*** Provided material ***
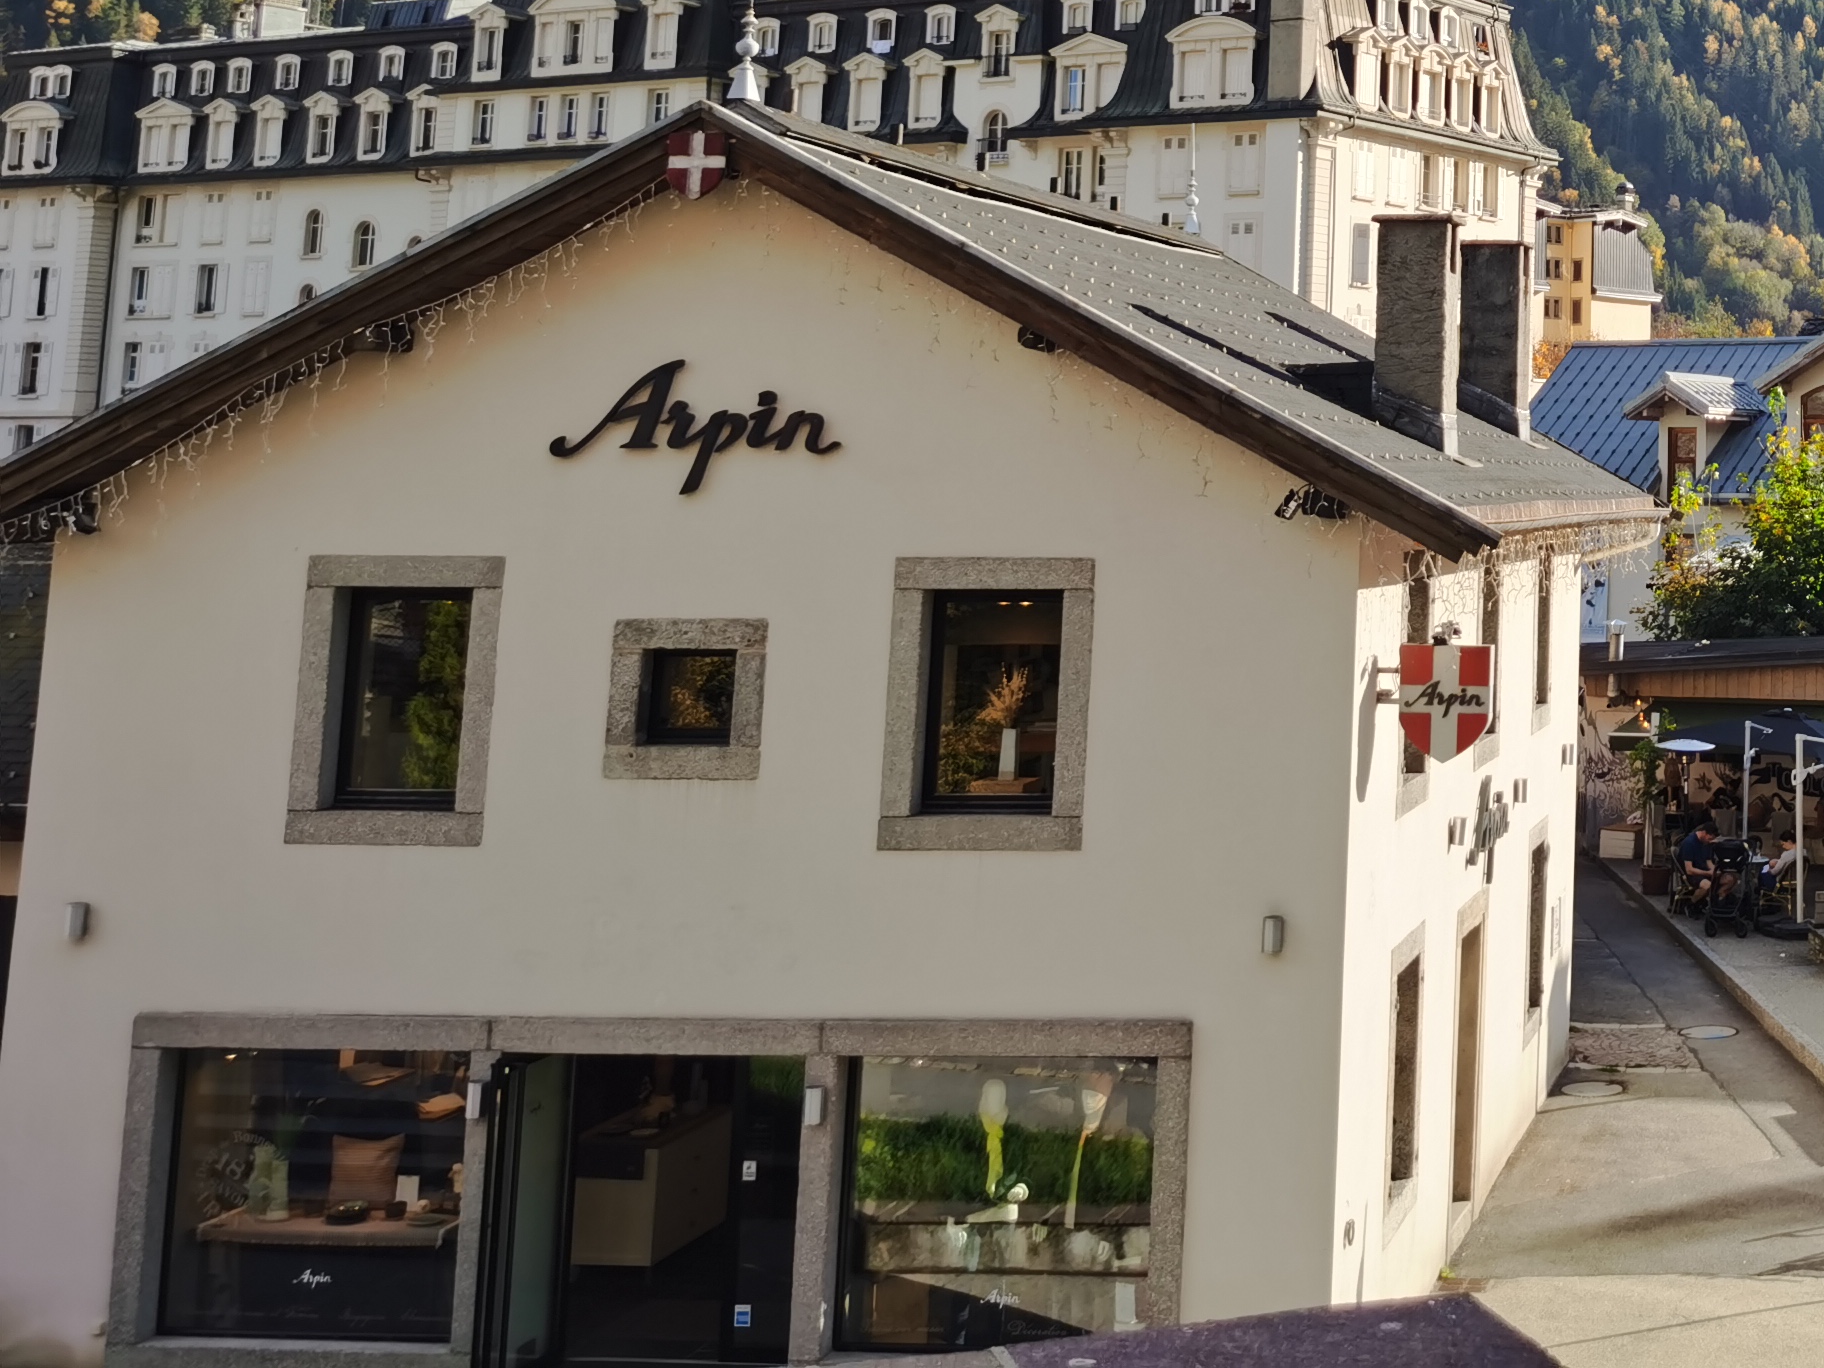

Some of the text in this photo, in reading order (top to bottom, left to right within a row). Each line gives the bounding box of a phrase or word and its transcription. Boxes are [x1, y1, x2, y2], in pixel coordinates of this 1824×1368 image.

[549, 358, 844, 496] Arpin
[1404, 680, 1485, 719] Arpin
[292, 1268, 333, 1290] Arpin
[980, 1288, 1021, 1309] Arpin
*** End of Provided material ***
## What the exercise asks
Retype the records above exactly, and keep any picture out of what you write.

## Exercise result
Some of the text in this photo, in reading order (top to bottom, left to right within a row). Each line gives the bounding box of a phrase or word and its transcription. Boxes are [x1, y1, x2, y2], in pixel coordinates of this 1824×1368 image.

[549, 358, 844, 496] Arpin
[1404, 680, 1485, 719] Arpin
[292, 1268, 333, 1290] Arpin
[980, 1288, 1021, 1309] Arpin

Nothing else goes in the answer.